Open Rules for CDISC Standards - Implementing the validation rules in your own validation software

With the "Open Rules for CDISC Standards" everyone, every company, can develop its own software for executing FDA, PMDA and CDISC validation rules, this as the rules in written in the W3C standardized vendor-neutral XQuery language. This makes you independent of a single provider (one is well known for the many bugs and "false positives" in its software). With "Open Rules for CDISC Standards", you can inspect each of the rule implementations, improve them, correct them immediately if necessary (please let us know, so that we can make an update available to everyone within a few hours - no more waiting until the next release which is next year). You can even use these rule implementations as a template for your own additional, company-specific rules, and deploy them immediately.
In the next sections, we explain you how you can easily use these rules in your own software, be it Java, C# or any other modern computer language.

Principles

The rules require you to have your SDTM, SEND or ADaM datasets in the modern CDISC Dataset-XML format. The completely outdated SAS Transport 5 (.xpt format) is not supported (this format is not vendor-neutral).
In most cases, you will need to pass two parameters to the software that is executing the rules, which is explained in detail below. The first parameter is the "location" of where the whole submission (files) is located. This can be:

A file folder: in that case, the path will start with: "file:///". For example on Windows: "file:///C:/MySubmissions/LZZT_Pilot_2013_Dataset-XML/"
Don't forget the "/" at the end.
A native XML or other no-SQL database address (so-called "collection"). For example: "/db/MySubmissions/LZZT_Pilot_2013_Dataset-XML/".
A RESTful web query string that returns the XML. This can be extremely useful in a SOA environment

The second parameter is the name of the define.xml file or resource within the submission, e.g. "define.xml"
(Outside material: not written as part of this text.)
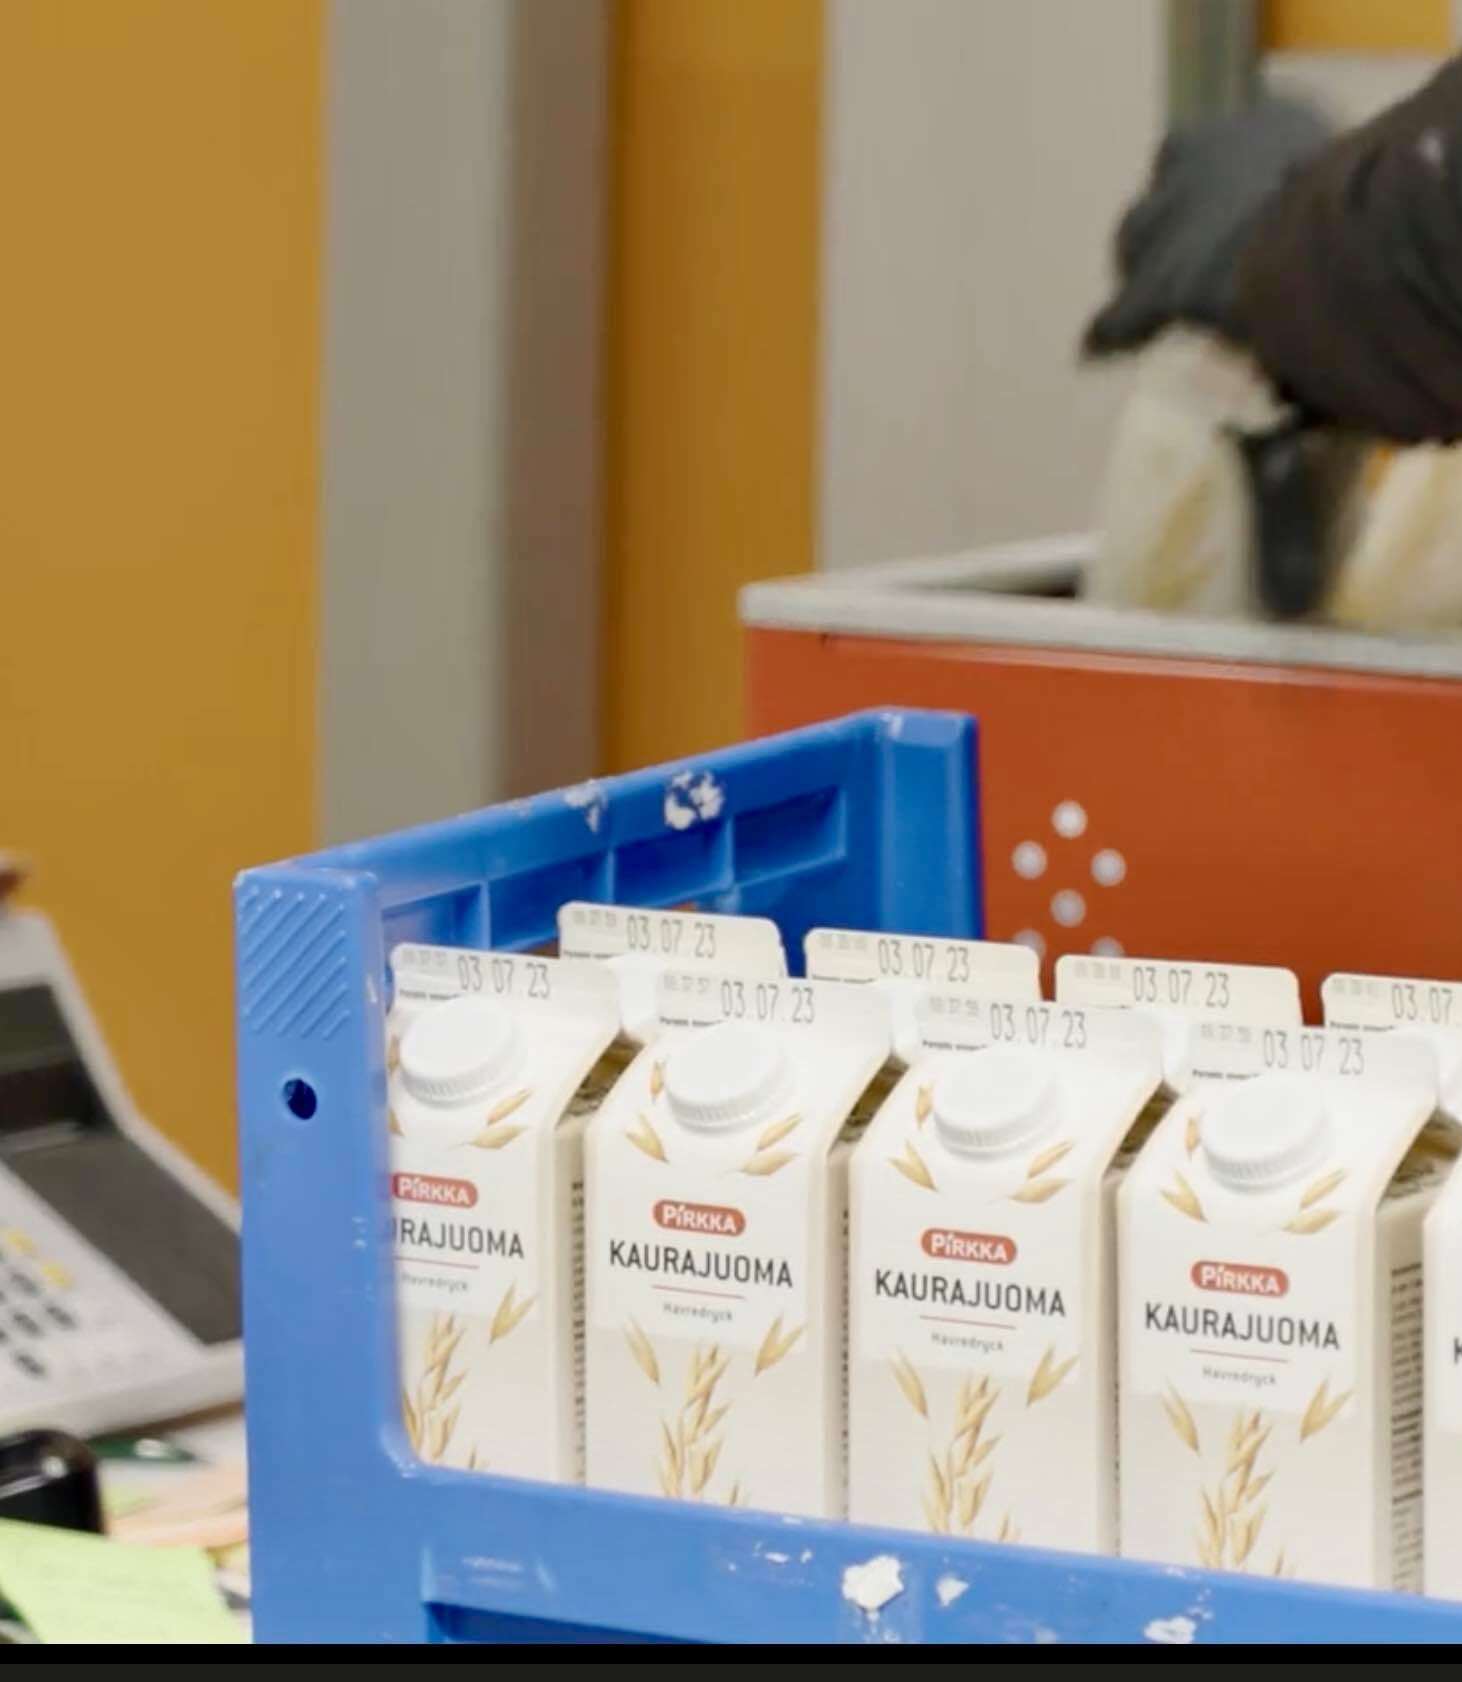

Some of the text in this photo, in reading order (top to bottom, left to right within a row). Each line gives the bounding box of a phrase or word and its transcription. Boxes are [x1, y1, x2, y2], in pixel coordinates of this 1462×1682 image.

[392, 1218, 525, 1260] RAJUOMA
[609, 1239, 793, 1288] KAURAJUOMA
[875, 1268, 1066, 1317] KAURAJUOMA
[1145, 1301, 1340, 1350] KAURAJUOMA
In some cases there is a third parameter, allowing you to pass a single file or resource. For example, for rules that take somewhat more time to complete, you might want to validate only one file (e.g. "VS.xml") instead of all findings files (all files is the default).
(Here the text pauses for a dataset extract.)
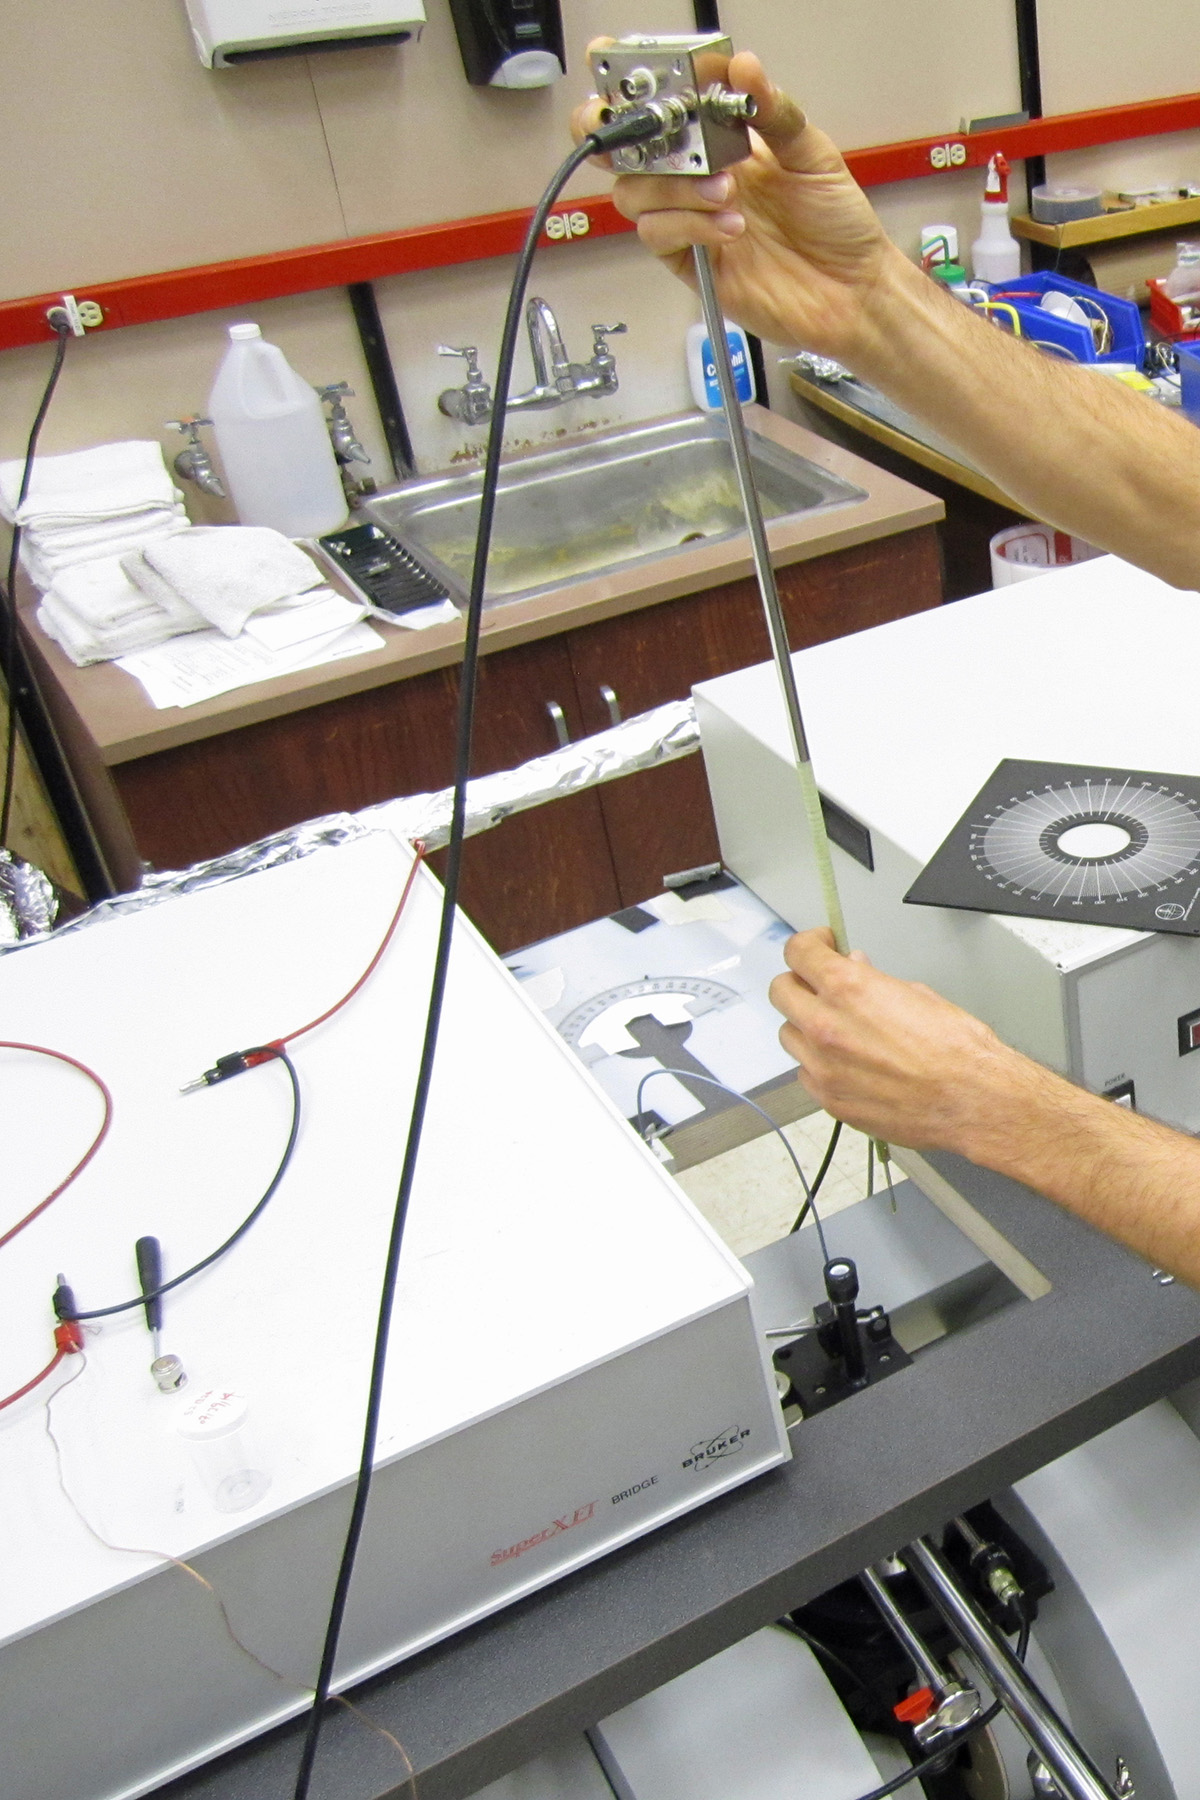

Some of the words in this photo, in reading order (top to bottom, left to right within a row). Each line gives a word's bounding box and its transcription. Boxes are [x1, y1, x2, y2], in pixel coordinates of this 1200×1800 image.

Passing parameters to the XQuery

When having downloaded validation rules in XQuery (either using the web service or from the regular download), and inspecting what has been returned, you will notice that the hardcoded location of the define.xml has been commented out (everything between "(:" and ":)" is comment). Instead you will find:

This allows to pass parameters to the XQuery. The following parameters are defined:

$base: the basis of the location where the XML documents are located. This can be a file directory or folder, a URL, or a collection in a native XML database.
Do not forget to put / at the end when appropriate
$define: the name of the define.xml document. This is very important, as already stated: "define.xml is leading"
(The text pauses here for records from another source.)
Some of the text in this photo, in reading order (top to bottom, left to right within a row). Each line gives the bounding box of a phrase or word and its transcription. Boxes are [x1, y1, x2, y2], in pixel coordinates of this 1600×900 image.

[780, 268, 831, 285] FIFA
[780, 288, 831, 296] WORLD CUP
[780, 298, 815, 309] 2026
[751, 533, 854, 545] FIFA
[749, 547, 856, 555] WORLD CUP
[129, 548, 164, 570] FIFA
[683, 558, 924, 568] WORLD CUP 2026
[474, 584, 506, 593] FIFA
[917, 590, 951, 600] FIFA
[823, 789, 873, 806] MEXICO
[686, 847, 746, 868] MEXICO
In some of the XQueries you will find an additional parameter:

$domain: code for the domain or single dataset on which to perform the validation, e.g. "VS"

This additional parameter has been added for those rules that are either memory or computing intensive.
In order to improve performance, set $domain to a single domain, for example $domain='LB'. In such case, the validation will only performed on datasets for the LB domain.
if you want to do the validation for all domains at once however, use $domain='ALL'. This is not always a good idea, especially when having large datasets. A better method is to iterate over all domains, and apply the validation to each of them separately.

Passing the location of your MedDRA files to your implementation

For rules that need to read MedDRA files, you will need to pass the location of your MedDRA folder. The parameter for this is $meddrabase. For example: $meddrabase='C:\meddra_19_0_english\MedAscii'.
Unfortunately, MedDRA is still propriety and requires a license, and is deployed using 30 year old technology (ASCII files).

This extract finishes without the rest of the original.